In an online video that went viral, a Met Office weather forecaster predicted what Britain’s summers would be like in 2050 if climate change continued at its current rate – but shockingly, the next few days have a strikingly similar prediction.
BBC weather presenter Matt Taylor took to Twitter this week to urge people to recognize rising global temperatures.
He said 40C for the UK was “not normal” with heat records becoming more common, adding: “I never thought this would be possible so soon.”
Meanwhile, in April this year, the UN released a bombshell report showing the terrifying reality of climate change.
The world is on track to more than double the 1.5 degree target this century and the world must act “now or never”.
Climate scientist Michael Mann of Pennsylvania State University has explained why the 1.5 degree limit is so important.
“At 1.5°C, there’s a good chance we can save most of the Greenland and West Antarctic ice sheets from collapsing,” he said.
However, if you hit 2°C, those ice sheets will collapse.
A firefighter fights a forest fire near the village of Eiriz in Baiao, northern Portugal, July 15, 2020
Trees, plants and animals have been burned and charred from the fires that are sweeping across Europe
Britain’s fire services have warned people to be extremely careful in the heat, making sure cigarettes are properly extinguished and not using barbecues
And there are severe consequences for coral reefs too – 1.5°C warming will destroy about 70 percent of the world’s reefs – rising to 99 percent at 2°C.
And if the current course continues, by 2050 a third of all animal and plant species on the planet will become extinct.
Temperatures have risen across much of Europe this week and wildfires have raged across much of the continent.

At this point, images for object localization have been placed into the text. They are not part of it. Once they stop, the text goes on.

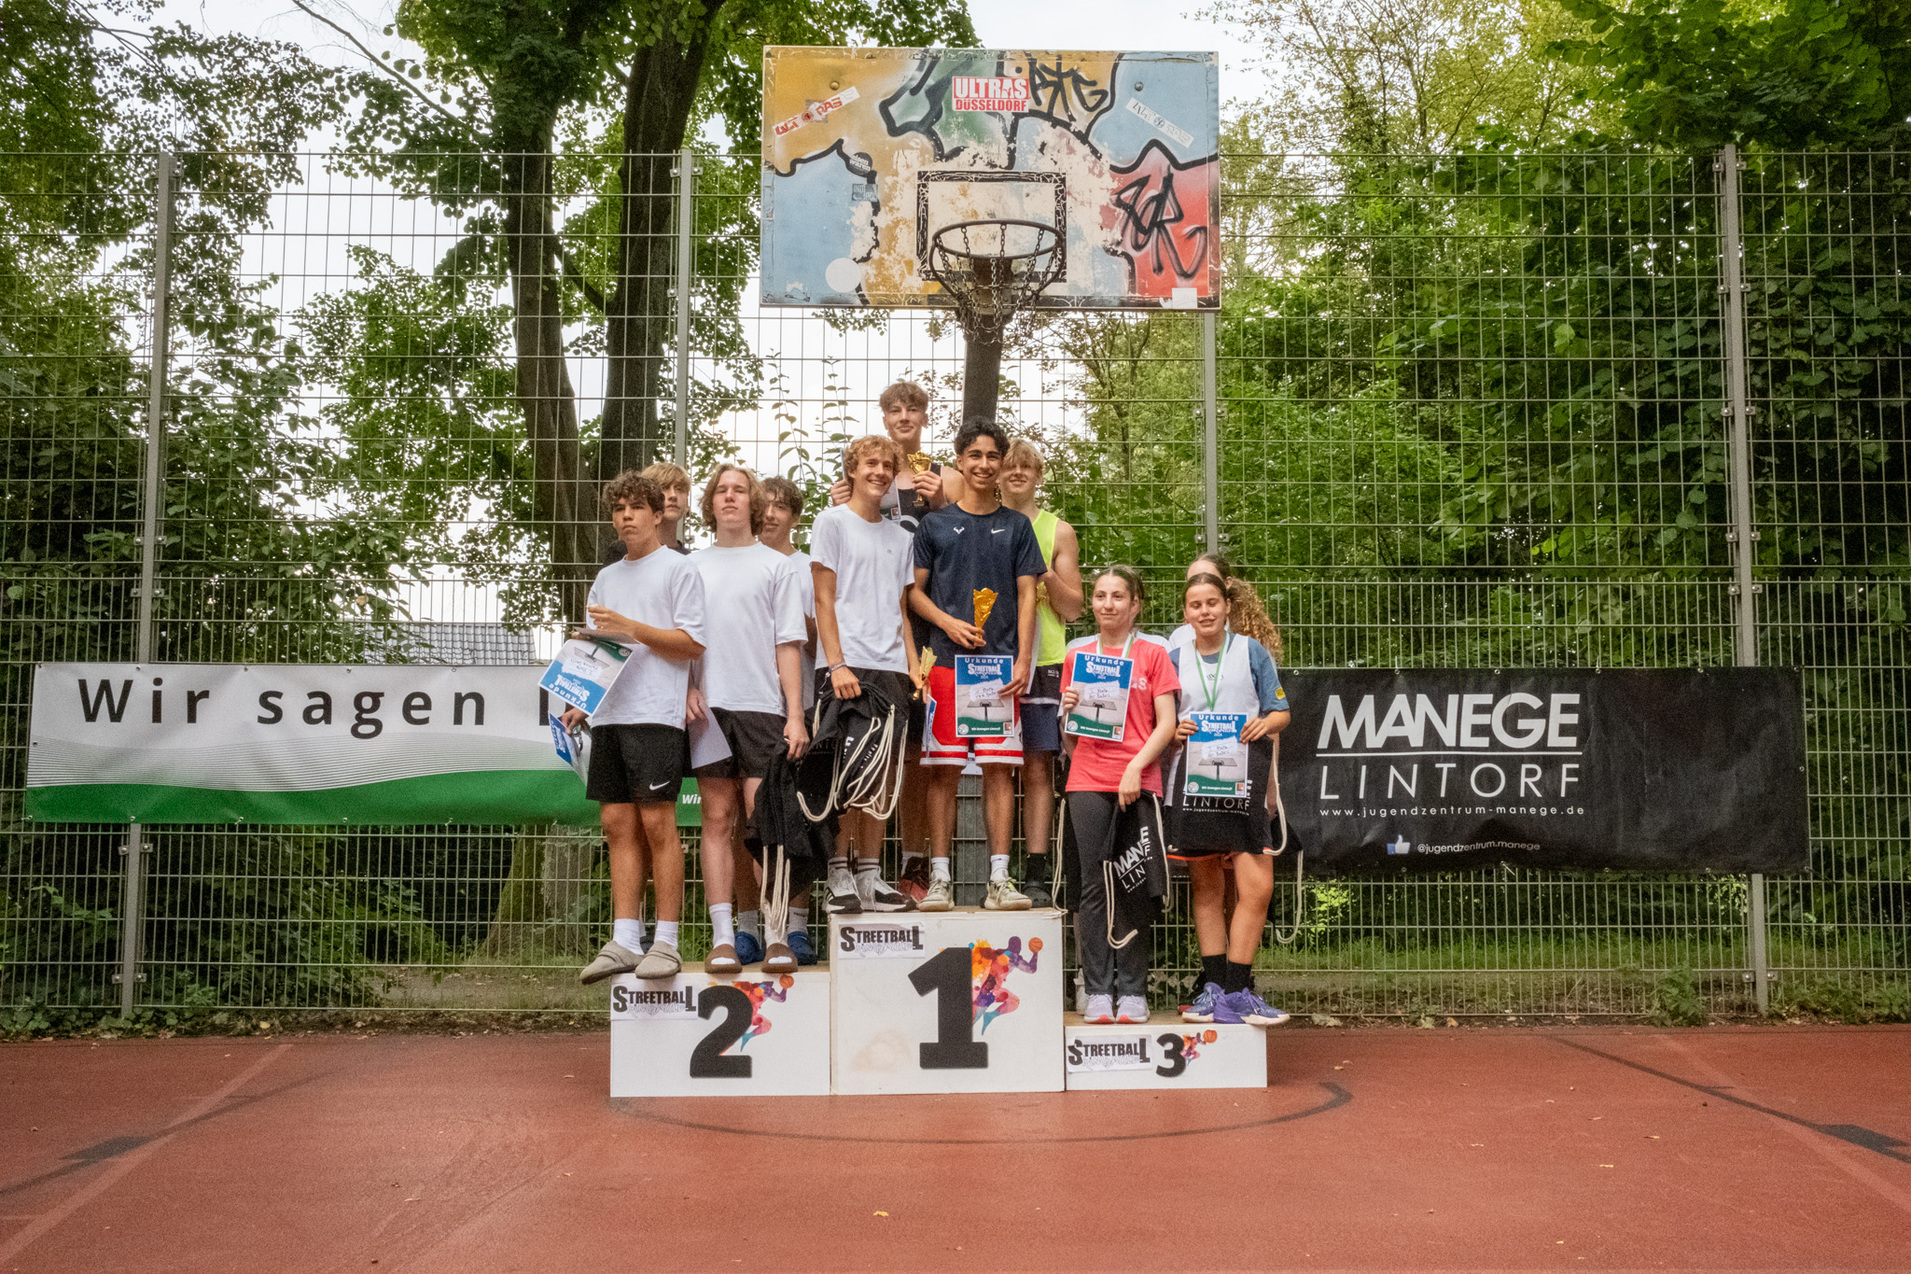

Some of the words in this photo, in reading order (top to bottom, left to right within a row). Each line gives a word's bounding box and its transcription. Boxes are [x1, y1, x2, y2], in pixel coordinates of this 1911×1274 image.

[954, 77, 1028, 99] ULTRAS
[955, 98, 1027, 112] DÜSSELDORF
[1084, 654, 1125, 667] Urkunde
[77, 676, 211, 725] Wir
[257, 689, 485, 740] sagen
[548, 683, 588, 710] Urkunde
[1198, 713, 1240, 721] Urkunde
[1316, 692, 1581, 750] MANEGE
[1319, 762, 1580, 800] LINTORF
[682, 793, 702, 805] Wir
[1182, 795, 1250, 811] LINTORF
[1319, 806, 1585, 818] www.jugendzentrum-manege.de
[1417, 839, 1541, 855] @jugendzentrum.manege
[840, 925, 924, 952] STREETBALL
[612, 985, 697, 1013] STREETBALL
[907, 947, 989, 1070] 1
[689, 984, 754, 1079] 2
[1067, 1037, 1151, 1066] STREETBALL
[1155, 1032, 1187, 1078] 3

In one region in France alone, more than 12,000 people had to be evacuated because the fires were raging.
Spain, Turkey, Croatia and Portugal have also seen huge blazes – it took 3,000 firefighters this week to battle the blazes in Portugal, with dozens of people injured in the blaze.
And wildfires have destroyed 3,500 acres of land in Extremadura, Spain.
It is not known how many animals were killed or injured in these fires, but many are expected to have died due to the increasingly unforgiving weather conditions.
Wildfires are also a problem worldwide, especially in the US in hot states like California.
The UK government has held Cobra meetings over upcoming boiling temperatures as the NHS is expected to struggle with demand.
The Met Office has issued its first extreme heat red weather alert, meaning life is at risk for the entire population, not just those more vulnerable to the heat.
On Friday, Secretary of State Liz Truss said she would impose a temporary moratorium on the environmental tax on domestic energy bills, arguing there are better ways to reach the net-zero goal.
The debate came as fires raged across the world, and some of the worst fires were in Portugal, where a fire-fighting plane pilot died on Friday when his plane crashed during a sortie in the north-east.
It was the first fire death in Portugal this year, but the blaze this week has injured more than 160 people and forced hundreds to evacuate.
Fire season has hit parts of Europe earlier than usual this year after an unusually dry hot spring left the ground parched, which authorities blame on climate change.
As France’s worst fire drew closer to populated cities, some of the 11,000 people evacuated in the region described fear and uncertainty about what they would find when they returned.
Images shared by firefighters showed flames shooting across a mass of pine trees and black smoke stretching over the horizon.
Firefighters on Saturday focused on using fire trucks to surround vulnerable villages and save as many homes as possible, Charles Lafourcade, who oversees the French fire service, told reporters.
About 3,000 firefighters, assisted by water-drain planes, are battling the blazes in southern France, the president said, and Greece sent fire-fighting equipment to help.